*** PROVIDED RECORDS Section Begins ***
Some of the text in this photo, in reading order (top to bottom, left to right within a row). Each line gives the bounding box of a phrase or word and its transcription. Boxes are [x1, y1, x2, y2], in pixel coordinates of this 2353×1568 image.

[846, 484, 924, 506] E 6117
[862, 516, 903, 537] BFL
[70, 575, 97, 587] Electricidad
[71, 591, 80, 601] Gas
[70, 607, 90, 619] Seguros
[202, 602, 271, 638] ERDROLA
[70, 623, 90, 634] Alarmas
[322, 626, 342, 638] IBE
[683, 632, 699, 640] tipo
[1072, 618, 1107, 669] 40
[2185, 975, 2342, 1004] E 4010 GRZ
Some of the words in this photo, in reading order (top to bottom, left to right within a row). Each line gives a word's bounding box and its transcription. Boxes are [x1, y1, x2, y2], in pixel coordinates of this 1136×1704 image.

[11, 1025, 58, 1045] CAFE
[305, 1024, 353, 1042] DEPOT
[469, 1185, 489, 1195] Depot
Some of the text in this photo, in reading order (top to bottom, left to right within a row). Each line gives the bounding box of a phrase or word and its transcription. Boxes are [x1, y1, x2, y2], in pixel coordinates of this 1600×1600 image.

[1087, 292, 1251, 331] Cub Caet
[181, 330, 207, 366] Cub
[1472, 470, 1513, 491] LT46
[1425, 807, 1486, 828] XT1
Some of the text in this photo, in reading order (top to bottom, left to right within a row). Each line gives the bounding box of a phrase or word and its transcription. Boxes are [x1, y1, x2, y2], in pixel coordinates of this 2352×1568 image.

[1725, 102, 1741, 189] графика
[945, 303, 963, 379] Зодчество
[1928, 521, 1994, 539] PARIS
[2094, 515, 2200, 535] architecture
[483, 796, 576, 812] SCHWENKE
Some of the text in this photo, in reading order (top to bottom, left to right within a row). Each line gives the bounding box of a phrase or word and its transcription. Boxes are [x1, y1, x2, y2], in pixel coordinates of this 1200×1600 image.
*** PROVIDED RECORDS Section Ends ***
WHAT NEEDS TO BE DONE ▸ Return everything in the records. Keep each line exactly as written.

ANSWER SPACE ▸
Some of the text in this photo, in reading order (top to bottom, left to right within a row). Each line gives the bounding box of a phrase or word and its transcription. Boxes are [x1, y1, x2, y2], in pixel coordinates of this 2353×1568 image.

[846, 484, 924, 506] E 6117
[862, 516, 903, 537] BFL
[70, 575, 97, 587] Electricidad
[71, 591, 80, 601] Gas
[70, 607, 90, 619] Seguros
[202, 602, 271, 638] ERDROLA
[70, 623, 90, 634] Alarmas
[322, 626, 342, 638] IBE
[683, 632, 699, 640] tipo
[1072, 618, 1107, 669] 40
[2185, 975, 2342, 1004] E 4010 GRZ
Some of the words in this photo, in reading order (top to bottom, left to right within a row). Each line gives a word's bounding box and its transcription. Boxes are [x1, y1, x2, y2], in pixel coordinates of this 1136×1704 image.

[11, 1025, 58, 1045] CAFE
[305, 1024, 353, 1042] DEPOT
[469, 1185, 489, 1195] Depot
Some of the text in this photo, in reading order (top to bottom, left to right within a row). Each line gives the bounding box of a phrase or word and its transcription. Boxes are [x1, y1, x2, y2], in pixel coordinates of this 1600×1600 image.

[1087, 292, 1251, 331] Cub Caet
[181, 330, 207, 366] Cub
[1472, 470, 1513, 491] LT46
[1425, 807, 1486, 828] XT1
Some of the text in this photo, in reading order (top to bottom, left to right within a row). Each line gives the bounding box of a phrase or word and its transcription. Boxes are [x1, y1, x2, y2], in pixel coordinates of this 2352×1568 image.

[1725, 102, 1741, 189] графика
[945, 303, 963, 379] Зодчество
[1928, 521, 1994, 539] PARIS
[2094, 515, 2200, 535] architecture
[483, 796, 576, 812] SCHWENKE
Some of the text in this photo, in reading order (top to bottom, left to right within a row). Each line gives the bounding box of a phrase or word and its transcription. Boxes are [x1, y1, x2, y2], in pixel coordinates of this 1200×1600 image.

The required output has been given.